In patients with a low risk of developing coronary heart disease (CHD) (Framingham risk less than 10% over a period of more than 10 years), with an average concentration of LDL-C of 4.0 mmol / L (154.5 mg / dL) and subclinical atherosclerosis estimated by the thickness of the intima-media complex of the carotid arteries (TCIM), rosuvastatin at a dose of 40 mg / day significantly slowed the rate of progression of the maximum TCIM for 12 segments of the carotid artery compared with placebo at a rate of 0.0145 mm / year (95% confidence interval (CI): from -0.0,0196 to -0.0093, with p <0.0001). The dose of 40 mg should be prescribed only to patients with severe hypercholesterolemia and a high risk of developing cardiovascular diseases.

Pharmacokinetics

Absorption

Maximum concentration (Cmaxa) Rosuvastatin in plasma is reached approximately 5 hours after ingestion. Absolute bioavailability is ≈ 20%.


Distribution

Rosuvastatin is metabolized mainly by the liver, which is the main site of cholesterol synthesis and metabolism of LDL-C. The volume of distribution of rosuvastatin is approximately 134 liters. About 90% of rosuvastatin binds to plasma proteins , mainly albumin.


Metabolism

A limited amount of rosuvastatin (approximately 10%) is subject to biotransformation.
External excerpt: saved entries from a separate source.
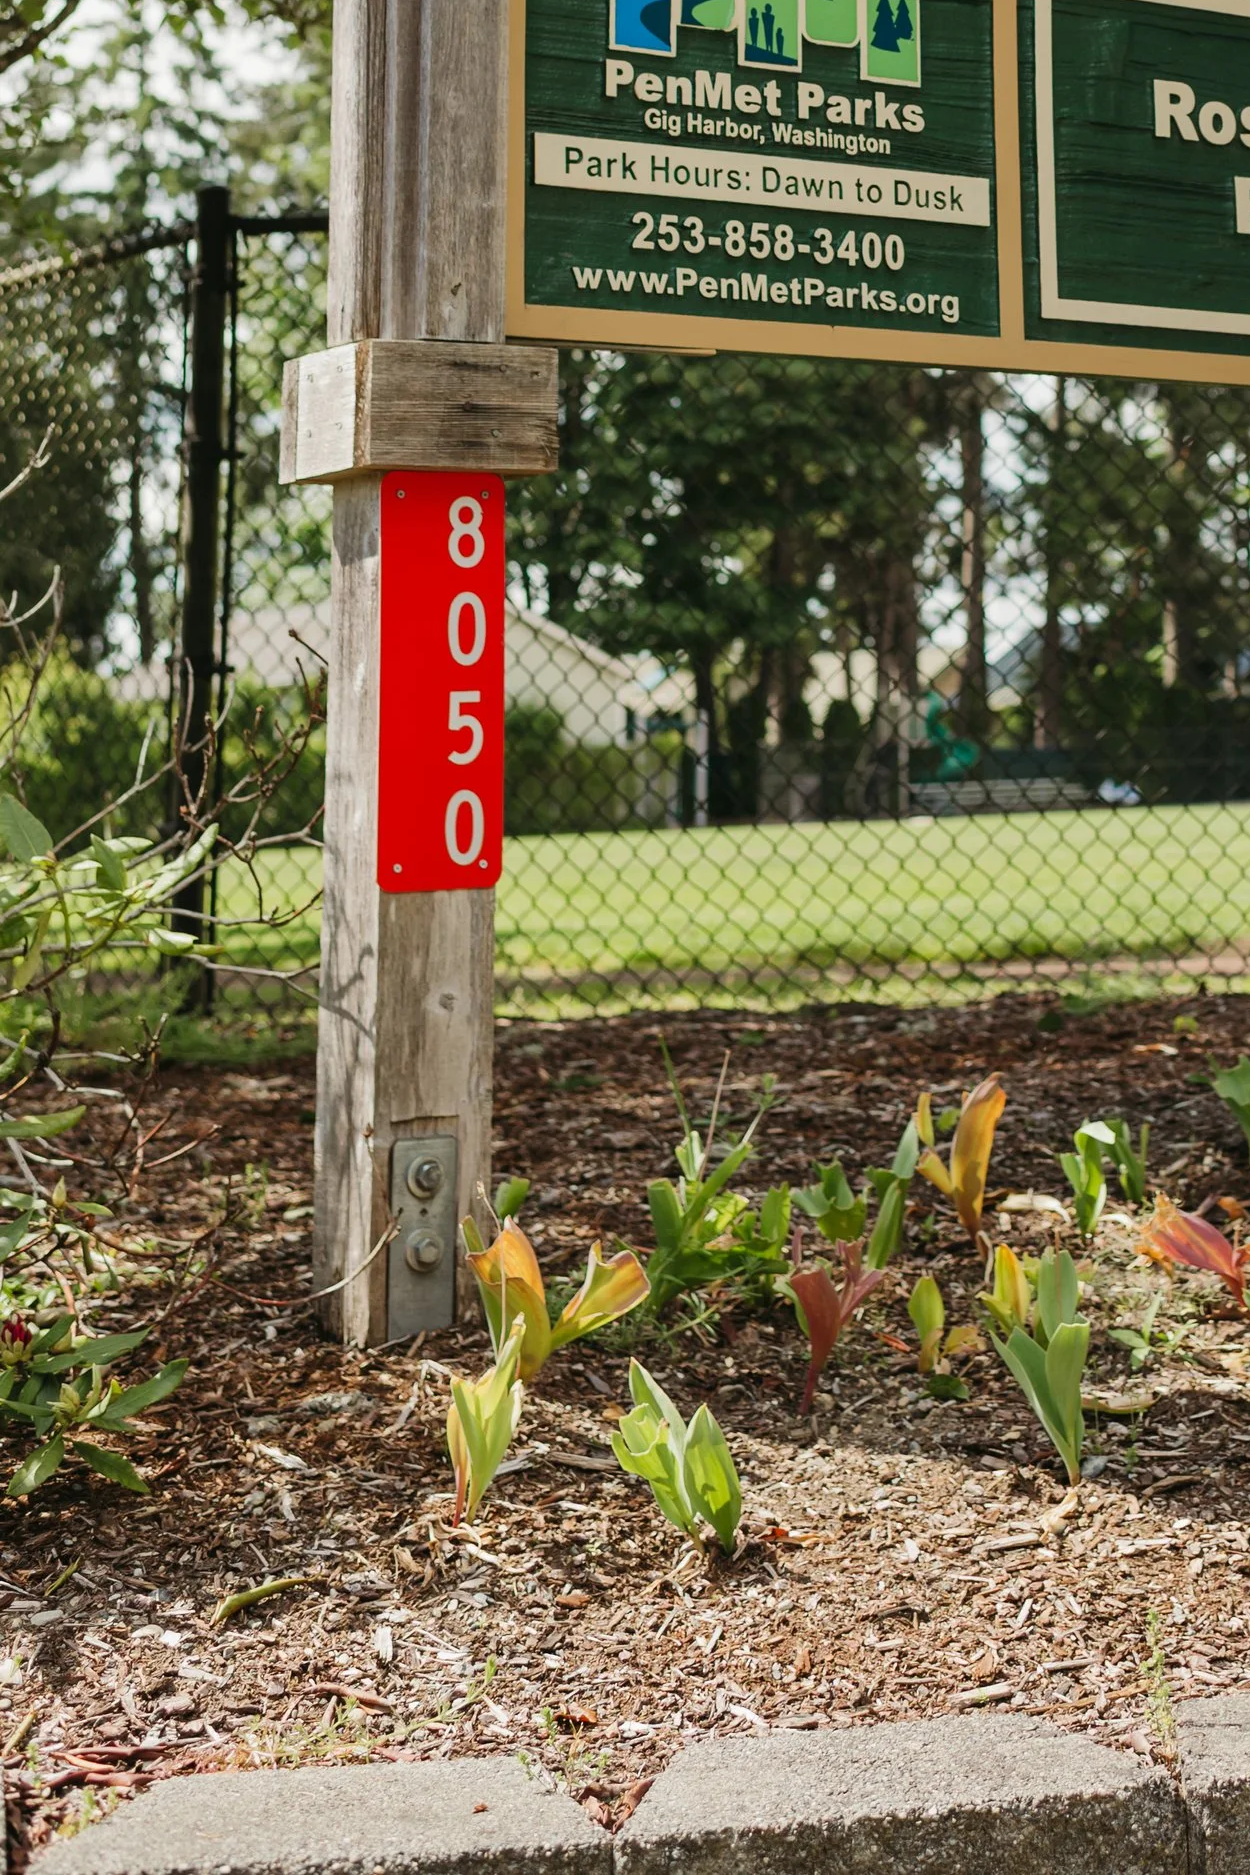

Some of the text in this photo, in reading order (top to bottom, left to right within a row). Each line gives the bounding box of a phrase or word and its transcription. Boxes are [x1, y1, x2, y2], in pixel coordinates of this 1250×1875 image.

[605, 58, 925, 132] PenMet Parks
[644, 108, 891, 155] Gig Harbor, Washington
[565, 147, 965, 212] Park Hours: Dawn to Dusk
[632, 212, 905, 271] 253-858-3400
[573, 265, 960, 322] www.PenMetParks.org
[444, 496, 486, 866] 8050
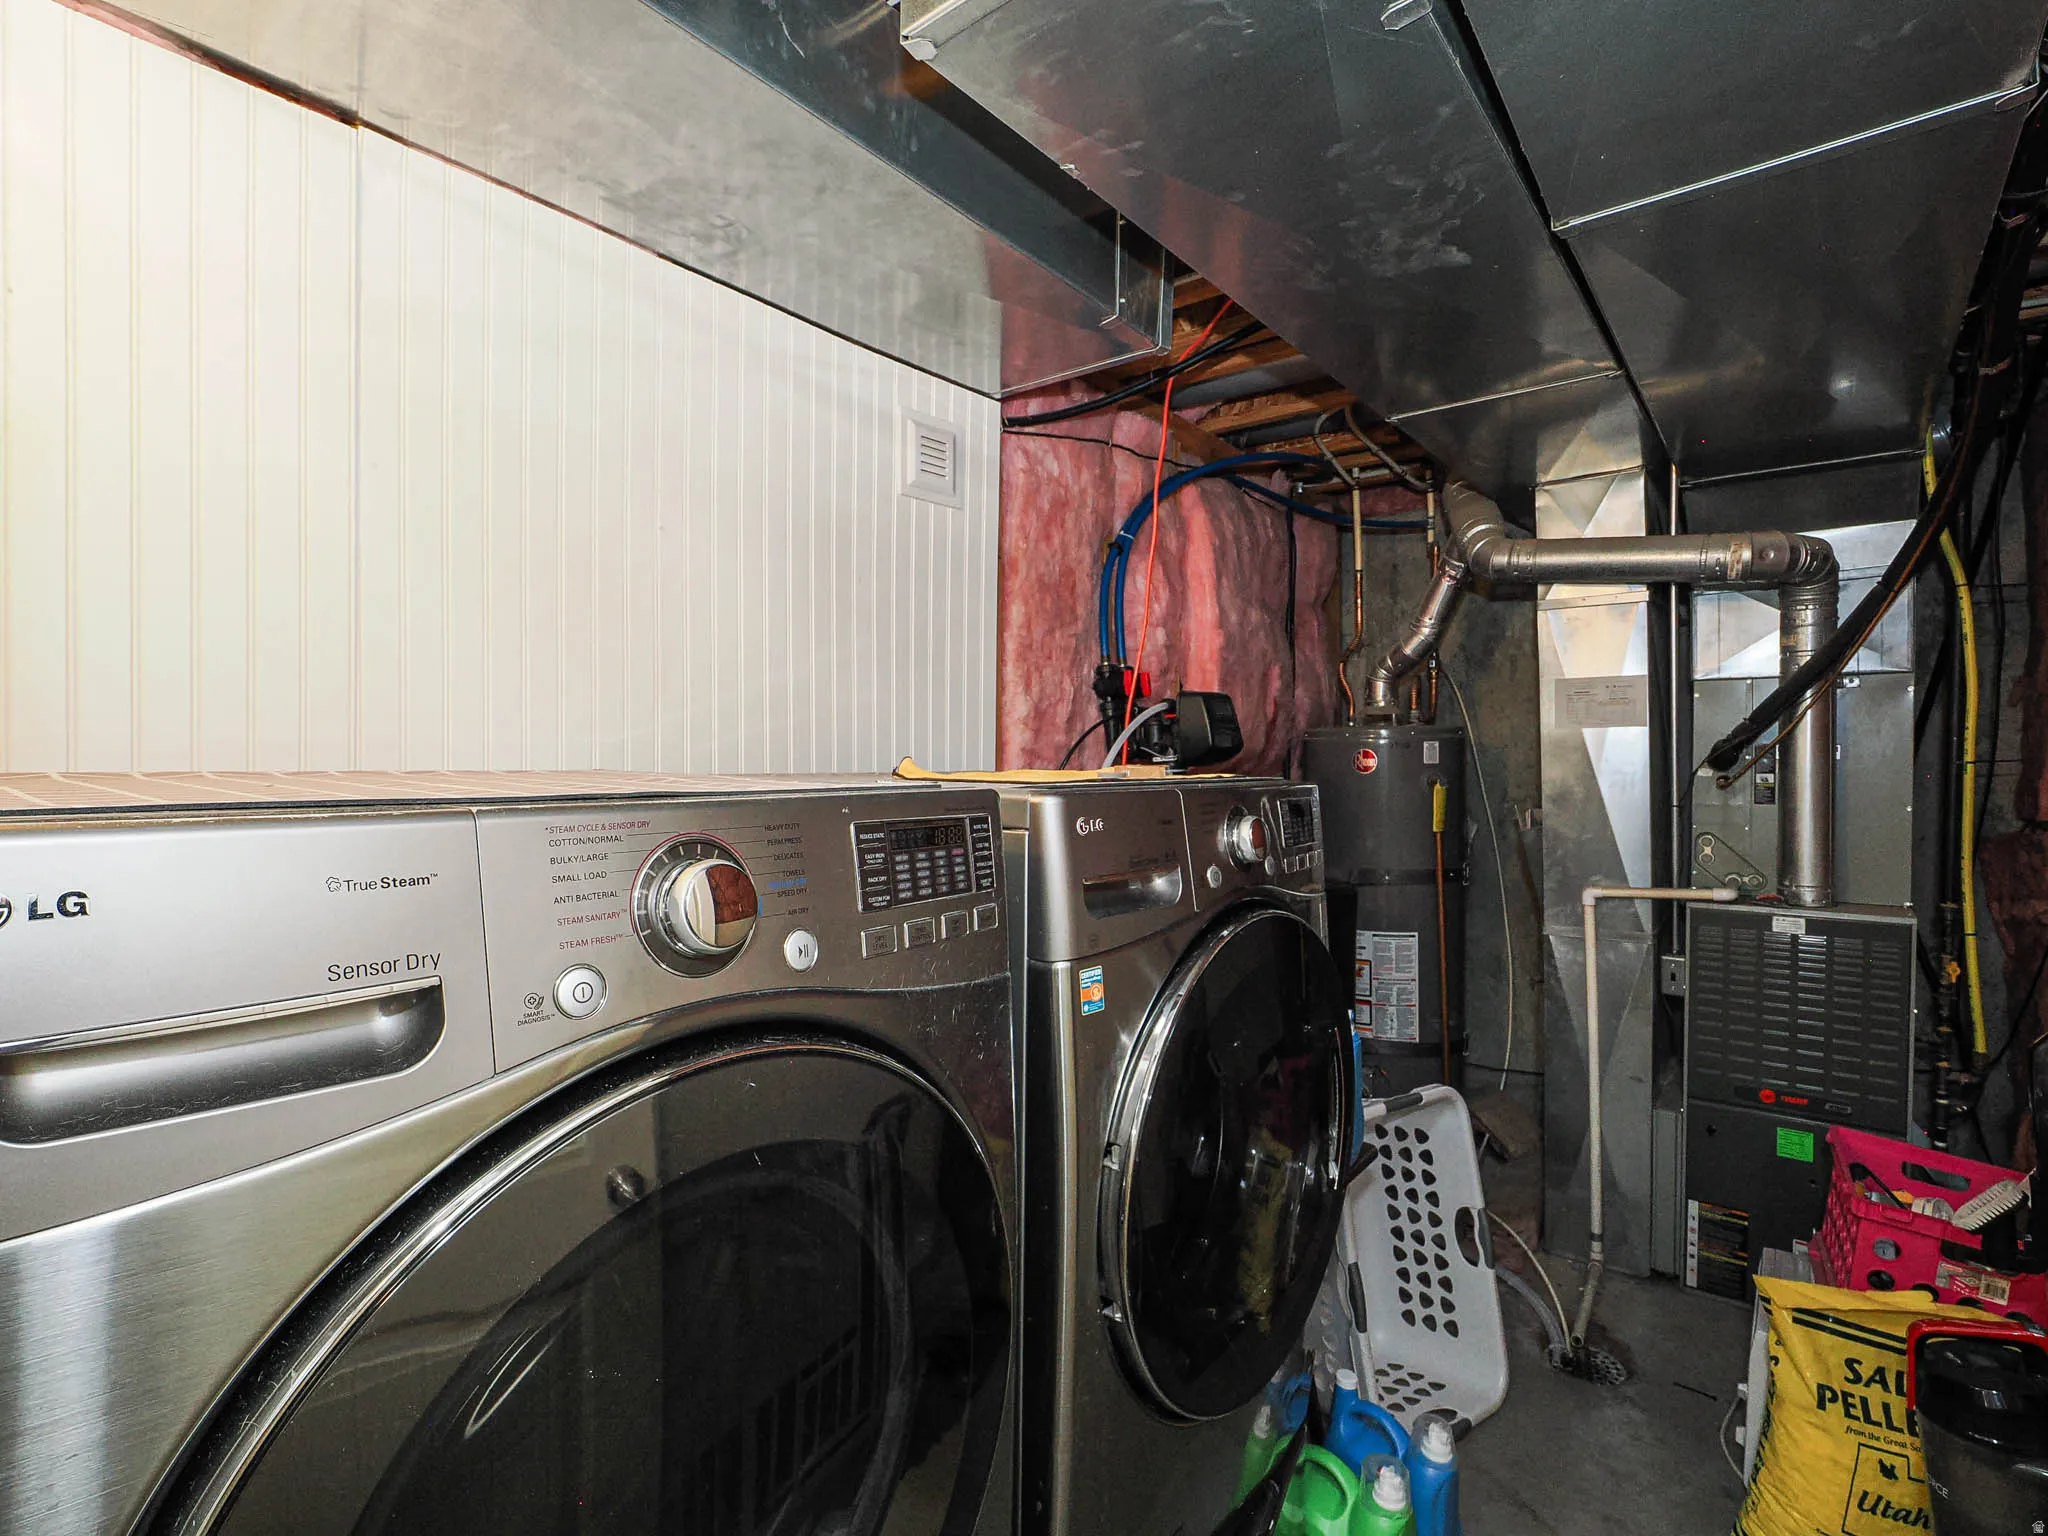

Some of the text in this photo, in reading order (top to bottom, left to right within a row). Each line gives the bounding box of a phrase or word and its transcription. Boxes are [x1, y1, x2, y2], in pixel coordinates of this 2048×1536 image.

[577, 823, 599, 832] CYCLE
[601, 823, 606, 831] &
[608, 821, 636, 830] SENSOR
[637, 820, 650, 828] DRY
[549, 835, 624, 847] COTTON/NORMAL
[550, 852, 609, 865] BULKY/LARGE
[551, 870, 607, 884] SMALL LOAD
[553, 890, 620, 905] ANTI BACTERIAL
[27, 890, 89, 921] LG
[557, 915, 584, 926] STEAM
[559, 938, 589, 950] STEAM
[327, 953, 441, 982] Sensor Dry
[523, 1010, 544, 1019] SMART
[1845, 1425, 1866, 1438] from
[1868, 1431, 1881, 1442] the
[1883, 1435, 1908, 1450] Great
[1856, 1489, 1931, 1530] Utah
Rosuvastatin metabolism is slightly associated with cytochrome P450 isoenzymes. CYP2C9 isoenzyme is the main isoenzyme involved in rosuvastatin metabolism, while CYP2C19, CYP3A4 and CYP2D6 isoenzymes are less involved in metabolism.

The main identified metabolites of rosuvastatin are N-dismethylrozuvastatin and lactone metabolites.

N-desmethylrosuvastatin is approximately 50% less active than rosuvastatin, lactone metabolites are pharmacologically inactive. More than 90% of the pharmacological activity on inhibition of circulating HMG-CoA reductase is provided by rosuvastatin, the rest is provided by its metabolites.


Removal

Approximately 90% of the received dose of rosuvastatin is excreted unchanged through the intestine (including absorbed and unabsorbed rosuvastatin), the rest is excreted by the kidneys. Unchanged by the kidneys excreted about 5% of the administered dose of the drug.The half-life (T1/2) is 19 hours, does not change with increasing dose of the drug. The geometric mean plasma clearance is approximately 50 l / h (coefficient of variation 21.7%). As in the case of other HMG-CoA reductase inhibitors, membrane cholesterol transporter is involved in the hepatic capture process of rosuvastatin. This carrier plays a major role in the removal of rosuvastatin by the liver.


Linearity

Systemic exposure of rosuvastatin increases in proportion to the dose. After repeated daily administration of the drug, no change in pharmacokinetic parameters occurs.

Genetic polymorphism

The HMC-CoA reductase inhibitors, including rosuvastatin, bind to the OATP1B1 transport proteins (a polypeptide of organic anion transport that participates in the capture of statins by the hepatocytes) and HRRP (efflux transporter). In carriers of the SLCO1B1 (OATP1B1) C.521CC and ABCG2 (BCRP) C.421AA genotypes, there was an increase in exposure (AUC - area under the concentration-time curve) of rosuvastatin 1.6 and 2.4 times, respectively, compared to carriers genotypes SLCO1B1c.521TT and ABCG2 c.421AA.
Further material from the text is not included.